— WORK TASK —
Retype each line below precisely and omit all images.

:: DATA FOR THIS EXERCISE ::

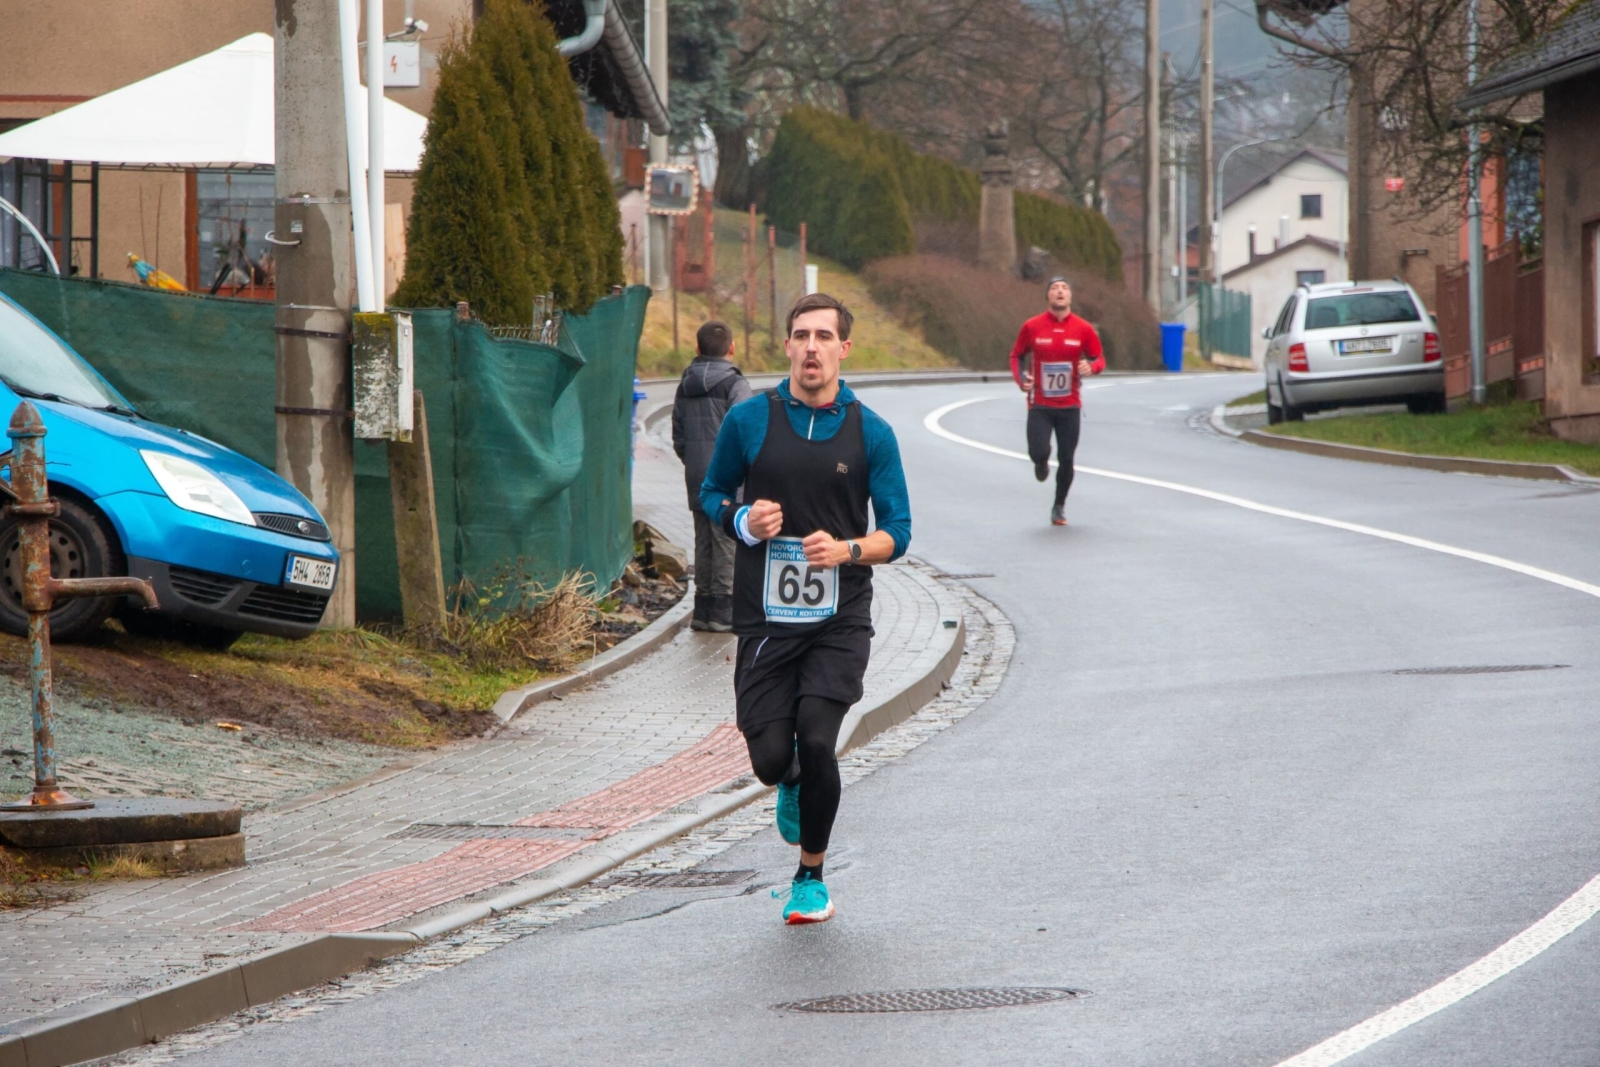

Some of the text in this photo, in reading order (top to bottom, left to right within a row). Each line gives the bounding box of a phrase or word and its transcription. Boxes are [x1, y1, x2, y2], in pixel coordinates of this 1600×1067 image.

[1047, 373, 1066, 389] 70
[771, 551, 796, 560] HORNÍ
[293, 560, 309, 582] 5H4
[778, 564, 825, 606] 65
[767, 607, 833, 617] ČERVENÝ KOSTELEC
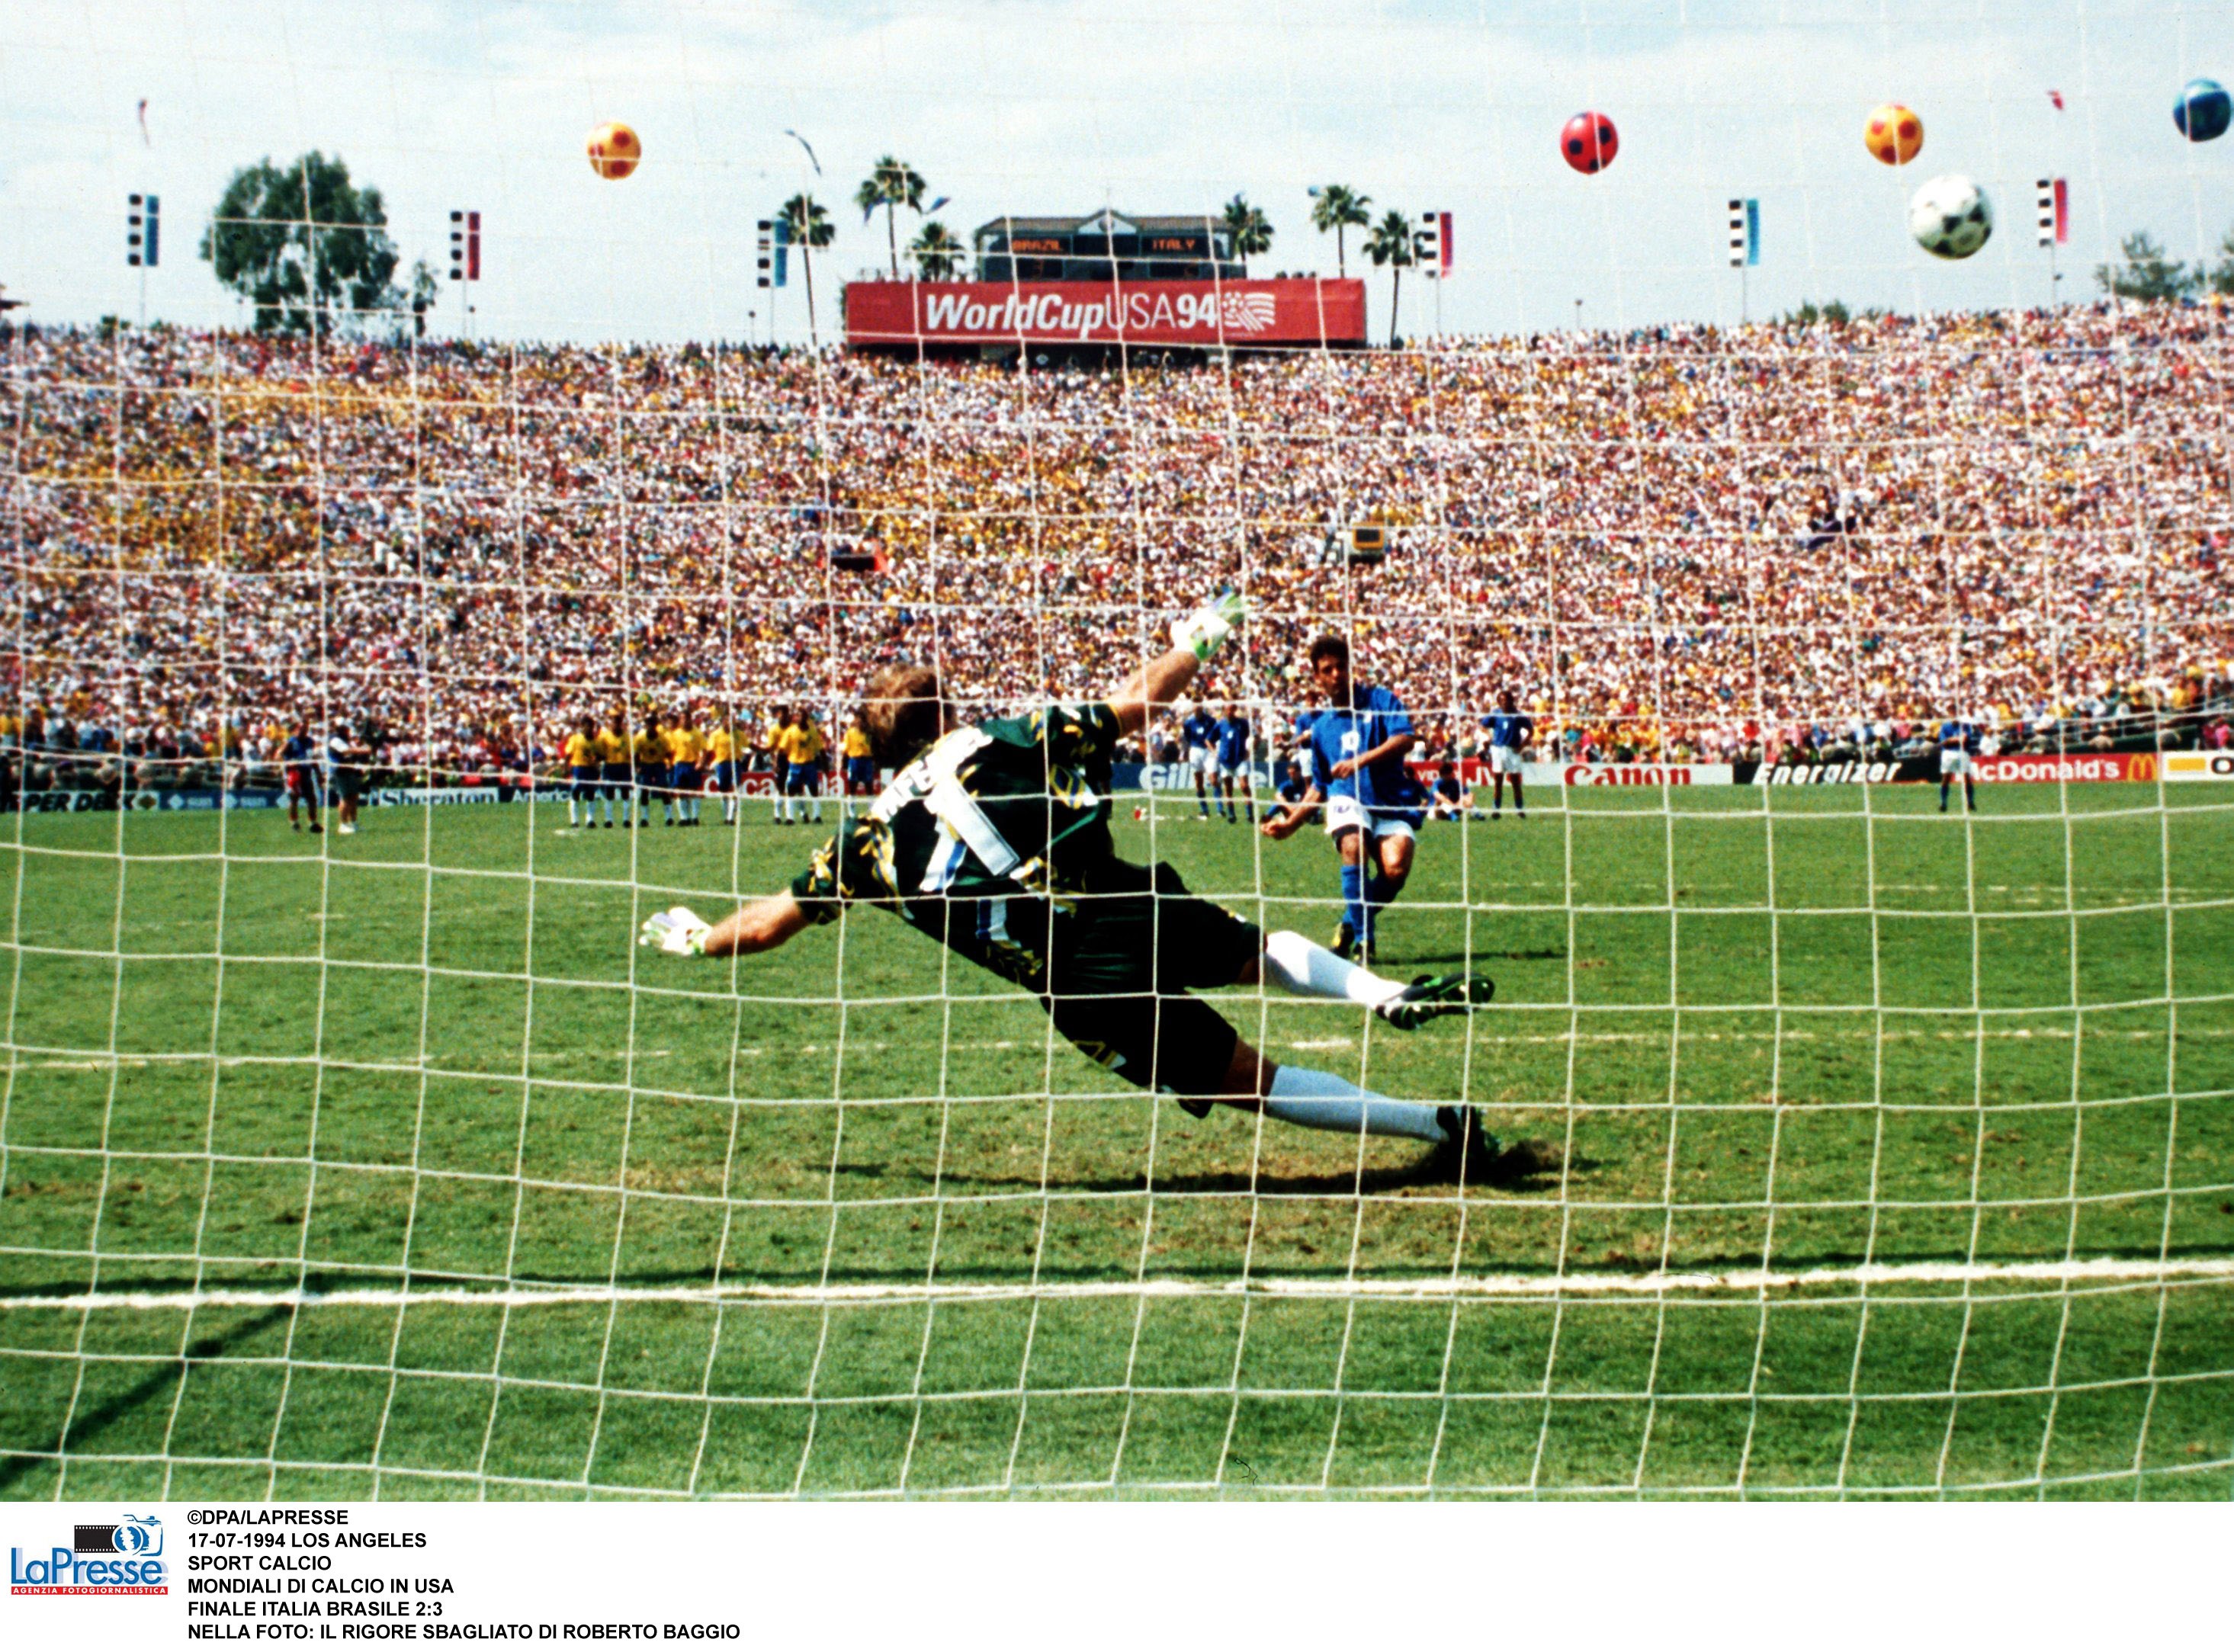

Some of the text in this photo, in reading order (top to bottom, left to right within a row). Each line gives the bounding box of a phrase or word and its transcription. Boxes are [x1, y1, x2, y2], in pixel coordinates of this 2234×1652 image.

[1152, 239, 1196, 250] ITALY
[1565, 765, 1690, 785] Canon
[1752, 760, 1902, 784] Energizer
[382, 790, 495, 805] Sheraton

:::

— TASK ANSWER —
Some of the text in this photo, in reading order (top to bottom, left to right within a row). Each line gives the bounding box of a phrase or word and its transcription. Boxes are [x1, y1, x2, y2], in pixel coordinates of this 1600×1067 image.

[1047, 373, 1066, 389] 70
[771, 551, 796, 560] HORNÍ
[293, 560, 309, 582] 5H4
[778, 564, 825, 606] 65
[767, 607, 833, 617] ČERVENÝ KOSTELEC

Some of the text in this photo, in reading order (top to bottom, left to right within a row). Each line gives the bounding box of a phrase or word and its transcription. Boxes are [x1, y1, x2, y2], in pixel coordinates of this 2234×1652 image.

[1152, 239, 1196, 250] ITALY
[1565, 765, 1690, 785] Canon
[1752, 760, 1902, 784] Energizer
[382, 790, 495, 805] Sheraton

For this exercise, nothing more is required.